Premier Oil Sees Impairment Charge and Job Cuts Due to Crashing Oil Prices

premier oil anoa natuna
Premier Oil’s Anoa Natuna production facility offshore Malaysia, image: Premier Oil

reuters logoBy Karolin Schaps

LONDON, Jan 14 (Reuters) – Oil producer Premier Oil expects to book a $300 million impairment charge due to the plunge in oil prices and plans to cut jobs and investment to rein in costs, it said on Wednesday.

Oil companies across the globe are scrambling to deal with a 60 percent drop in crude prices in seven months, putting them under pressure to find cost savings.

“As a result of the low Brent crude oil spot and forward curve price at year end 2014, there will be a material impairment charge in the second half on certain of our assets,” the company said in a trading update covering last year.

Shares in the oil producer were down 6 percent at 0858 GMT.

Premier Oil, whose operations stretch from the Falklands to Vietnam, also said it was reducing investments to develop fields by 40 percent to around $600 million and that it was renegotiating rates with suppliers to its top 25 projects.

“As the oil prices continue to remain low we are looking at all our budgets so we do expect those cuts to continue,” Chief Executive Tony Durrant told Reuters.

The London-listed oil firm has already cut pay and headcount among some of its contractors and employees and reductions are expected to continue this year, he added.

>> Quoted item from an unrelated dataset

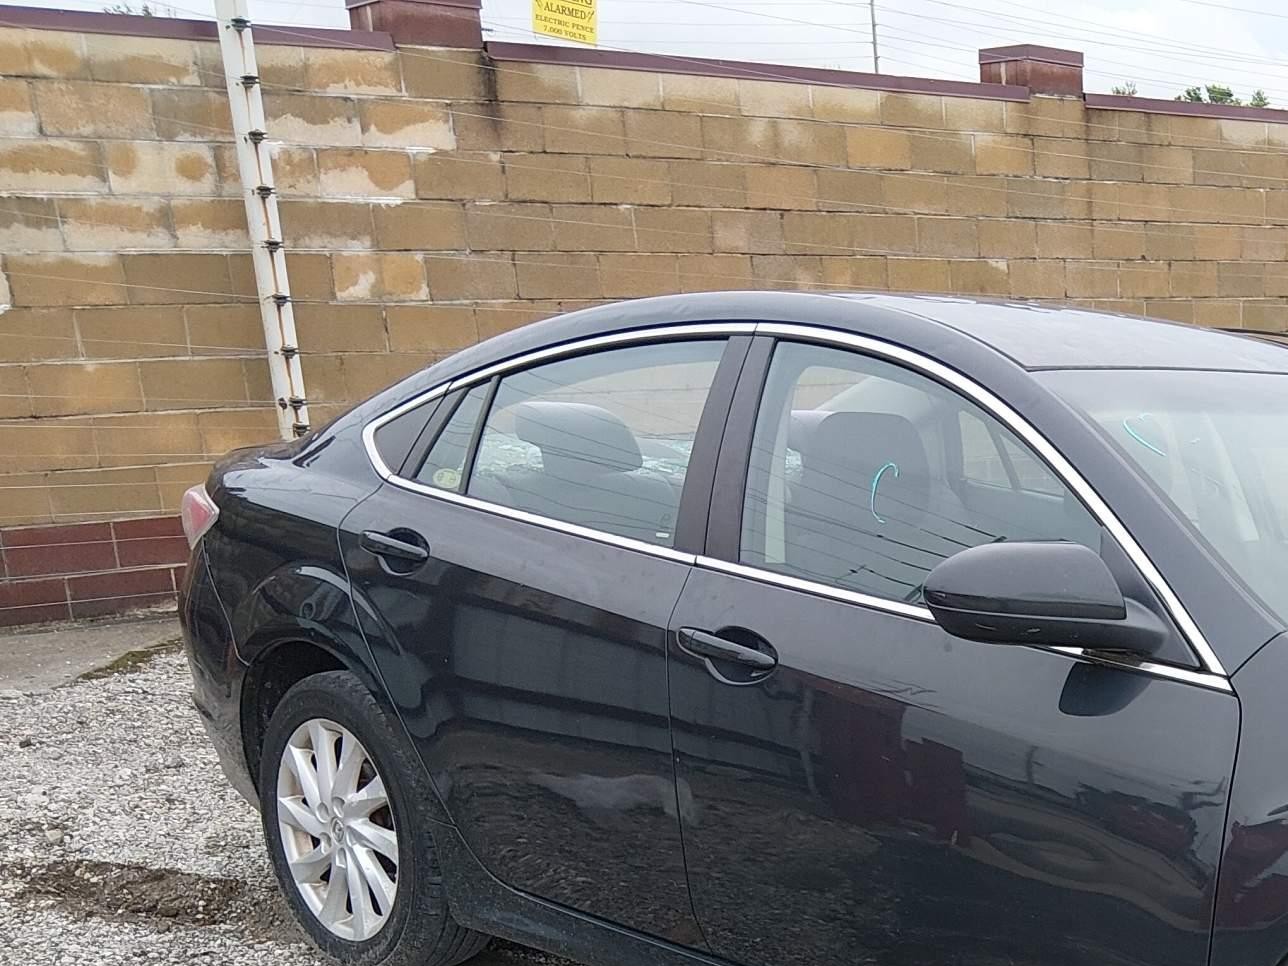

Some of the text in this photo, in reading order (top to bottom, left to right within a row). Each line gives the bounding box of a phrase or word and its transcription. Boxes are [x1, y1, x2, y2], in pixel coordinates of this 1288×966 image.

[544, 2, 586, 19] ALARMED
[535, 14, 595, 33] ELECTRIC FENCE
[563, 30, 587, 40] VOLTS

“The entire industry is doing this, I don’t think there’s a single joint venture in the world where people aren’t looking at budgets.”

On Tuesday, sources close to the matter said fellow North Sea oil producer Tullow was also planning job cuts.

Another consequence of Premier Oil’s cost cuts is a decision not to commit to any new exploration work beyond a portfolio of eight key projects, including four in the Falkland Islands.

Premier Oil also said it expected production to fall to 55,000 barrels of oil equivalent per day (boepd) this year, excluding contribution from its North Sea Solan project that is expected to come on stream this year.

Last year, Premier Oil exceeded the upper end of its production target, reaching 63,600 boepd.

Despite the expected impairment charge, analysts said the company was well placed to deal with low oil prices.

“Premier Oil looks well positioned to weather the current weak oil price environment given its hedged production and focus on operating and capital cost control,” said Mark Henderson at Westhouse Securities.